Below you'll find a brief excerpt from the transcript of our recent podcast interview with François de Brantes. They have edited for clarity and length.
Can you give us your take on the Direct Contracting Model? Is just another creature in the menagerie of value-based models or a real departure?
I think the Health Care Payment and Learning Action Network that was set up as part of the ACA to categorize alternative payment models has done a good job in creating some consistency in how you want to think about alternative payment models. At the far edge of those models are the population-based models. They're expressed in payment as combinations of different kinds of global payments. The Direct Contracting Model is one of the penultimate expressions of global payment because it truly does involve a per beneficiary, per month payment to a healthcare organization. And that payment should cover the majority — not the totality, but close to it — of the care for an individual plan member.
This is actually a relatively big departure from all of the other models that the Center for Medicare and Medicaid Innovation — CMMI — has released to date, because all of the prior models, including the Next Generation ACOs and the Medicare Shared Savings Program ACOs, and even the Medicare bundled payment program — they all still rely on underlying fee-for-service payments.
This is the first time when CMS has said, "yes, we're still going to require provider organization to submit claims, because asking them to stop a known process for a segment of their patients doesn't make sense." So we're still going to rely on that stream of data for information purposes, but not for payment purposes.
Related: Meet the Board: François de Brantes of Signify Health Talks the Direct Contracting Model, Value Based Care and Toxicity of Fee for Service
Instead, we are going to give a direct contracting entity a monthly, per beneficiary payment that will cover an estimated portion of the costs for that beneficiary.
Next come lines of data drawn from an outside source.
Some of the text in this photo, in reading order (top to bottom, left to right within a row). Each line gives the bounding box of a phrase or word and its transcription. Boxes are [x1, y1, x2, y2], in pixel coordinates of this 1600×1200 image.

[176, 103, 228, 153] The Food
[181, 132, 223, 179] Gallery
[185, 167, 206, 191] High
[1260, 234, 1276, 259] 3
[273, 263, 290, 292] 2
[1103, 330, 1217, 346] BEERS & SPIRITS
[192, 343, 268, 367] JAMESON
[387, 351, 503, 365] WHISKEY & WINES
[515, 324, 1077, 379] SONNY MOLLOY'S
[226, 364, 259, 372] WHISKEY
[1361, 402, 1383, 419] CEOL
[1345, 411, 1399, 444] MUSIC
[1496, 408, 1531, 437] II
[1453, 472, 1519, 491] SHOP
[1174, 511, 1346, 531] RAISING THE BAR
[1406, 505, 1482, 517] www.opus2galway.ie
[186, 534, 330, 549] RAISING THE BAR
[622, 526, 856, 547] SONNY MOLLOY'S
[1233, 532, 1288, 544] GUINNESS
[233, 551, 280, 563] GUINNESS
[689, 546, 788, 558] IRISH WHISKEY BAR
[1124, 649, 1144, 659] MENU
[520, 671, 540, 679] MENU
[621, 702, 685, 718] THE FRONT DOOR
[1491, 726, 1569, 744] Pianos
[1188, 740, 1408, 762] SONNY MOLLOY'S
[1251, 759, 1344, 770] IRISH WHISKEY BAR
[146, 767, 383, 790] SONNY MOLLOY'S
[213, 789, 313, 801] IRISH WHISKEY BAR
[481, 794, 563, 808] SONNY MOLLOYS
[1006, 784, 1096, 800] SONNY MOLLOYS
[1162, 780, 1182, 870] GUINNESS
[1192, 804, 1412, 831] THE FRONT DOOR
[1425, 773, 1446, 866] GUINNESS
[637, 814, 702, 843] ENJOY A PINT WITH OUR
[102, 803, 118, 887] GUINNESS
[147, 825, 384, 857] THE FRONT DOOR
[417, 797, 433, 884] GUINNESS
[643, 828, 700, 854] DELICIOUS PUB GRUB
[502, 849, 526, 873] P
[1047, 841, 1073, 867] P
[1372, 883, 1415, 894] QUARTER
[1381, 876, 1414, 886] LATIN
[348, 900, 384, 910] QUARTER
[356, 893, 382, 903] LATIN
It is up to that direct contracting entity to contract directly, hence the term, with physicians, typically starting with a primary care group — there’s recognition that at the core, you need primary care — and extending out to specialty care groups and others.
Those direct contracts between the DCEs — that's the acronym for the direct contracting entity — and the providers in that mini-network can take any shape or form that the two organizations agree to and what the form of payment ought to be. So, for example, you can create a fixed, per member, per month fee for the primary care group. You can create fixed price episode contracts with specialty practices to manage, for example, the cardiac care of beneficiaries. So there's lots of innovation that you can do within the Direct Contracting Model, much like in Medicare Advantage.
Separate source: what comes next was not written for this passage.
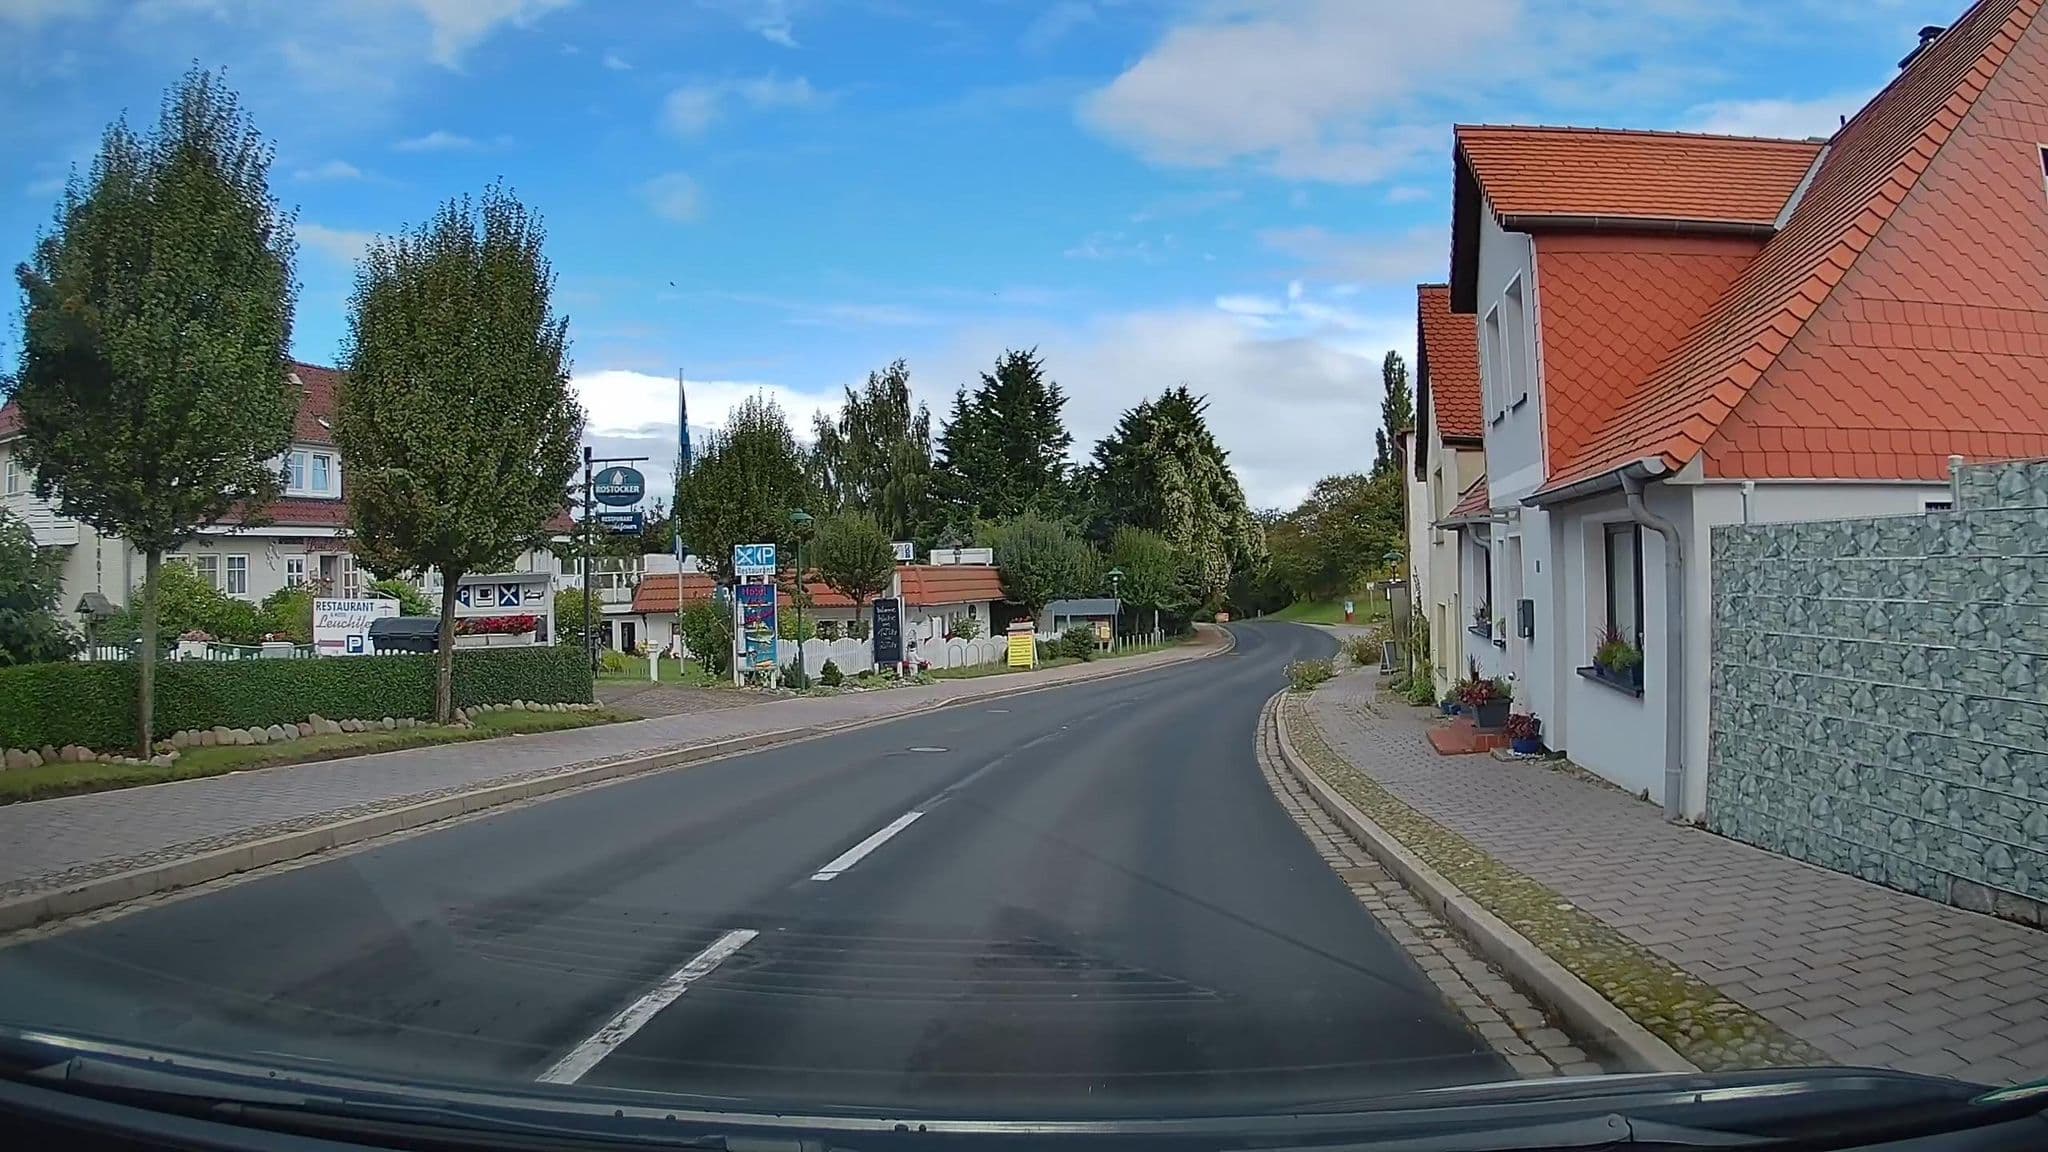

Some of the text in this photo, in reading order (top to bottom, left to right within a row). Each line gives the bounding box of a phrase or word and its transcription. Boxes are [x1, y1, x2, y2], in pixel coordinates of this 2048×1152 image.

[595, 485, 640, 493] ROSTOCKER
[315, 601, 374, 612] RESTAURANT
[315, 615, 373, 631] Leuchtfe
Medicare Advantage plans have the freedom to do lots of payment innovation with the providers in their network. So this is taking Medicare Advantage, for all intents and purposes, into Medicare fee for service and not requiring health plans to be the manager of those funds but allowing for provider organizations to take on that responsibility.
However, with that responsibility comes significant risk. And to a certain extent, it is more risk than what happens in the Medicare Shared Savings Program because you are paid upfront a per beneficiary, per month payment. And if during the course of the month, as a direct contracting entity, you end up by spending a lot more on beneficiaries than what you have been given, you need to float that difference. It's not as if you're going to make it up in fee for service payments, because you're not going to get any fee for service payments. So it's a different ballgame.